Quentin Dupieux: I first wrote it in English for an American actor I know, thinking I could make a really grotesque film, and it was almost just a big skit. The project stayed in my hands because I felt it was missing a little something. One day, I rewrote it in French, and that’s when I shaped its depths a little more, when I added lots of human parameters that I necessarily master better in French. And it became Deerskin, which to me is a film about gentle madness and mostly about freedom: what do we do with our freedom? 

Drama, comedy, and even horror film: how did you strike a balance between this mixture of genres?
There is no scientific method for mixing genres. I’ve always loved playing with genres. A simple comedy whose sole function is to make people laugh is something I wouldn’t know how to make. Lots of people do it well, though fewer and fewer of them, actually. When I make a film, I can’t stand everything staying in the same sandbox; I need to mix the toys up.
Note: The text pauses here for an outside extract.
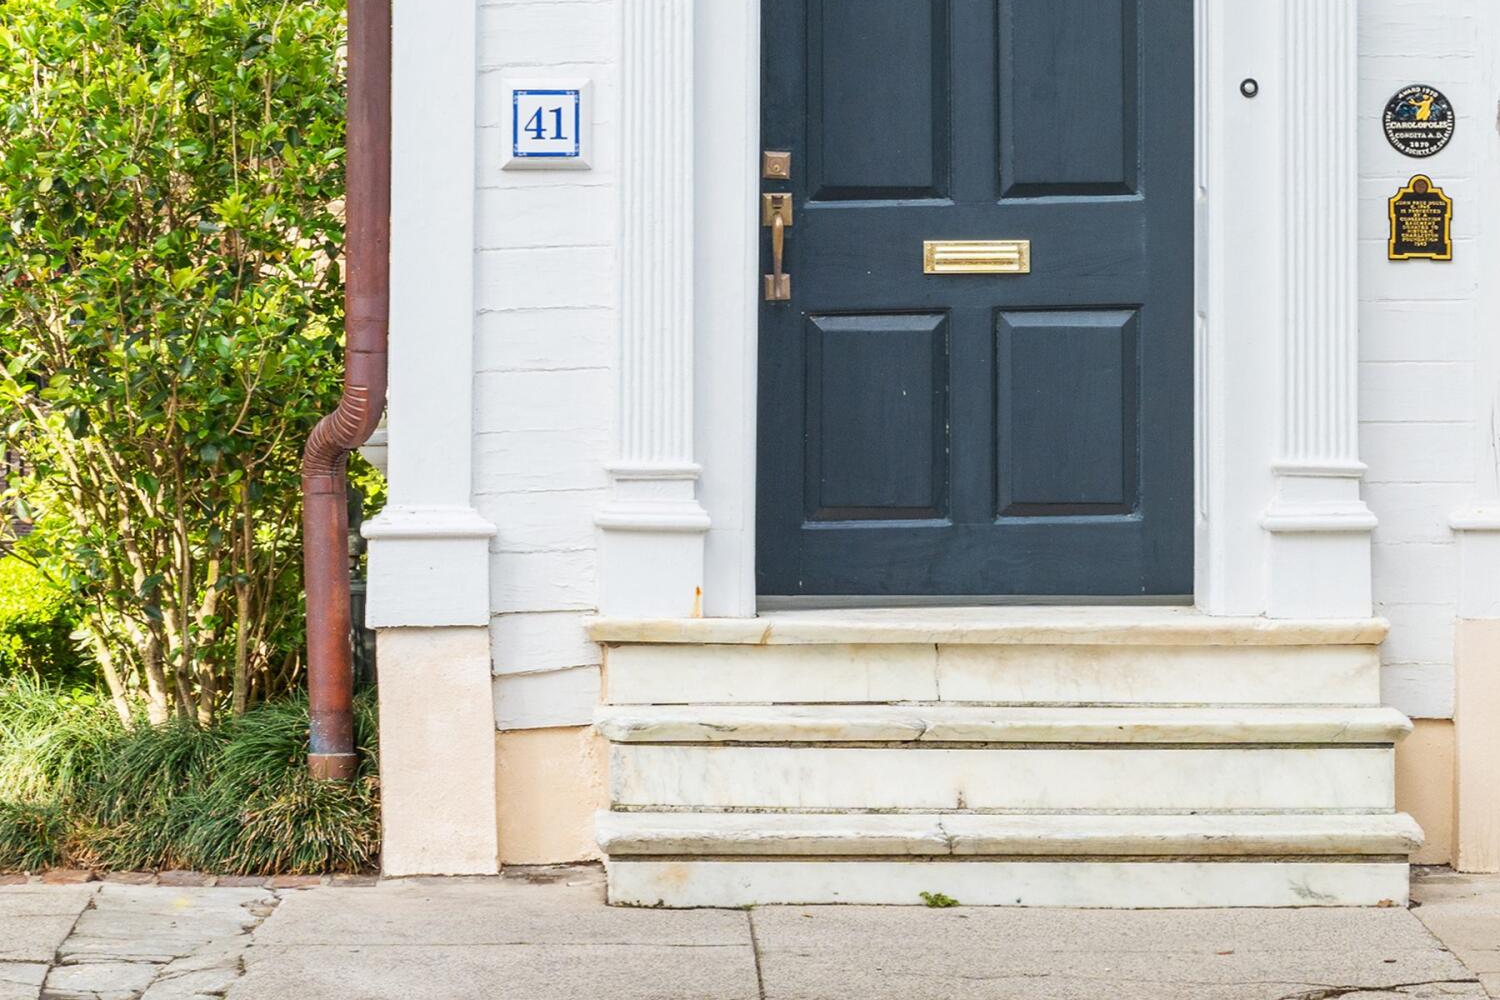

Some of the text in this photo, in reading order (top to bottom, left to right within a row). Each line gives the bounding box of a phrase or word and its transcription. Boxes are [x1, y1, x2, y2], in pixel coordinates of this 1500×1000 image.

[1398, 87, 1421, 98] AWARD
[524, 106, 568, 140] 41
[1390, 121, 1448, 129] CAROLOPOLIS
I’m talking about this film in a playful way because that’s the way I am: I’ve been a consumer of horror films, of auteur cinema, of crass comedies, and I don’t see myself choosing between one or the other. Here, I didn’t make a film about a killer, I wasn’t interested in spending ninety minutes with a serial killer, that would deeply bore me. So, I sew. I love it when a screening room breathes, as well, when it laughs. When one minute there is a moment of tension and the audience is focused, and the next minute, people are laughing again. I like to play with all that. On that level, I don’t want to talk about a science in the editing or the writing, but there is something at work: I like to make the curve of a film evolve.

Did shooting in the French province influence the style of the film?
As soon as I decided to make a film in French, it had to be thought through again, and I had to create a world of solitude and a no man’s land in France. We therefore explored a zone I didn’t know. I shot four films in the United States, but that was purely out of a desire to be abroad to make images, thinking that I was incapable of filming at home. 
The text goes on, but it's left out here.